Repurposing household items for chicken care is an eco-friendly and financially savvy approach to raising chickens. Not only does it cut down on waste, but it also saves you money. Look for items around your house that can be used as feeders, waterers, or even toys for your chickens. For example, an old milk crate can make for a great roosting box, and a plastic kiddie pool can be repurposed as a dust bath. 

DIY chicken roosting box

With some creativity and resourcefulness, you can find all sorts of ways to repurpose household items for your chickens. Not only will it save you money, but it’s also a fun and sustainable way to care for your feathered friends. And when it comes to shopping for chicken supplies, don’t forget to shop around for the best deals. By doing your research and comparing prices, you can ensure that you’re getting the best value for your dollar.

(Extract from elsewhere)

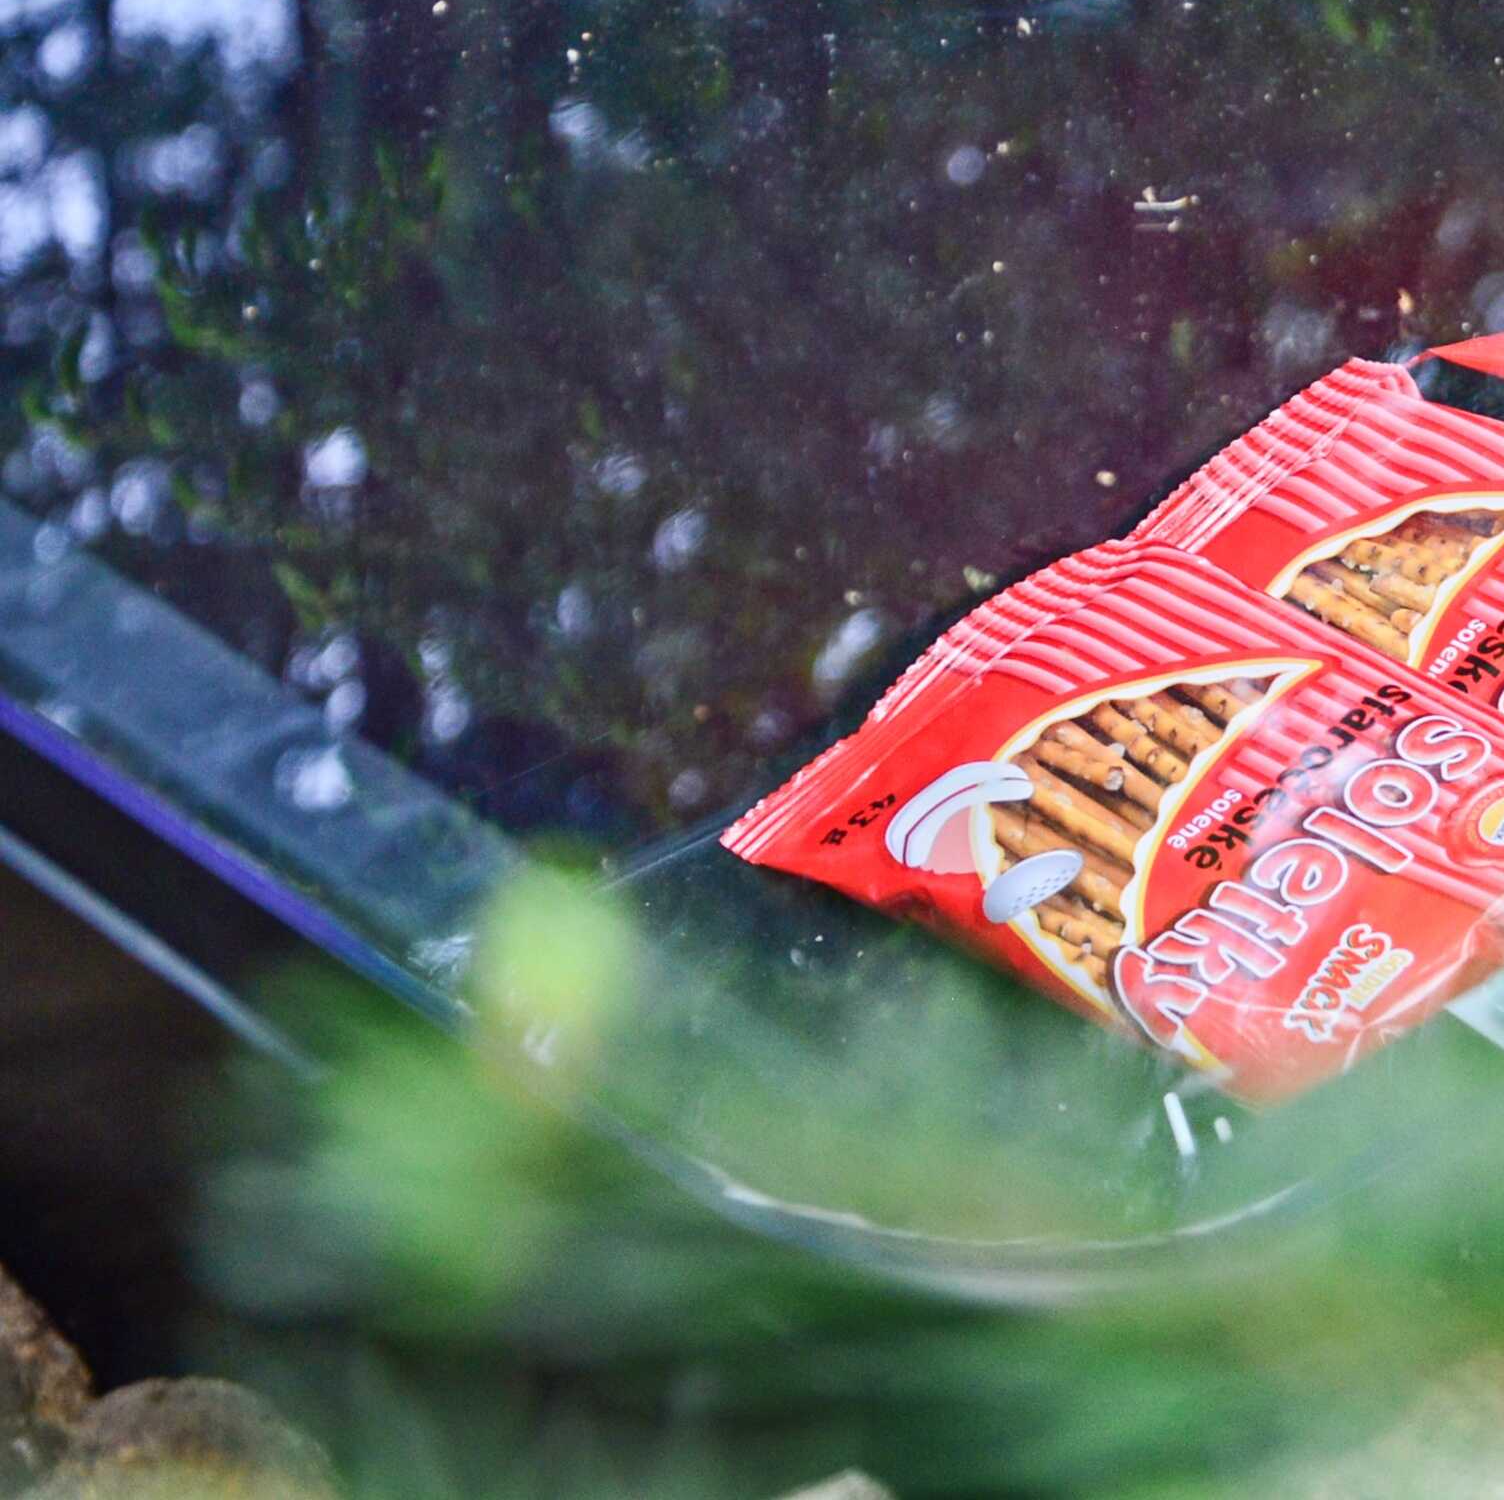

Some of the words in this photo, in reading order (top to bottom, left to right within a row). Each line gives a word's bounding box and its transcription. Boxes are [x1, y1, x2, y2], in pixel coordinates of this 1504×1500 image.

Shop around for the best deals

When it comes to shopping for chicken supplies, it’s easy to just go to your nearest farm supply store and stock up on everything you need. However, you may be missing out on better deals and prices if you don’t take the time to do some research and compare prices.

One way to ensure that you’re getting the best value for your dollar is to shop around online. Don’t forget to use Rakuten to save even more!

Proof of payment rakuten ebates

Many online retailers offer competitive prices and frequent sales, making it worthwhile to take a look at what they have to offer. Additionally, some retailers offer free shipping on orders over a certain amount, which can save you money in the long run.

Another way to save money on chicken supplies is to check out local classified ads or online marketplaces. Often, people who are no longer raising chickens will sell their supplies at a fraction of the cost of buying new. You may be able to find high-quality supplies at a discounted price this way.

It’s important to note that while you’re shopping around for good deals, you should also make sure to read reviews and check the quality of the products you’re considering purchasing. The last thing you want is to end up with low-quality supplies that will need to be replaced sooner than later.

By taking the time to research and shop around for the best deals, you can save money on chicken supplies without sacrificing quality. And by using repurposed household items, you can also reduce waste and take a more eco-friendly approach to raising chickens. It’s a win-win for both your wallet and the environment.,

Raising chickens can be a rewarding experience, but it doesn’t have to be a costly one. By building your own coop, making your own feed, and investing in automatic waterers, you can significantly reduce your expenses. Natural remedies and selling eggs or meat can also offset costs. Joining a chicken-keeping community and repurposing household items for chicken care are additional ways to save. Remember, every little bit counts. Implement these tips one at a time and see the difference in your wallet and your flock. It’s easier than you might think to keep your chickens healthy and happy without breaking the bank!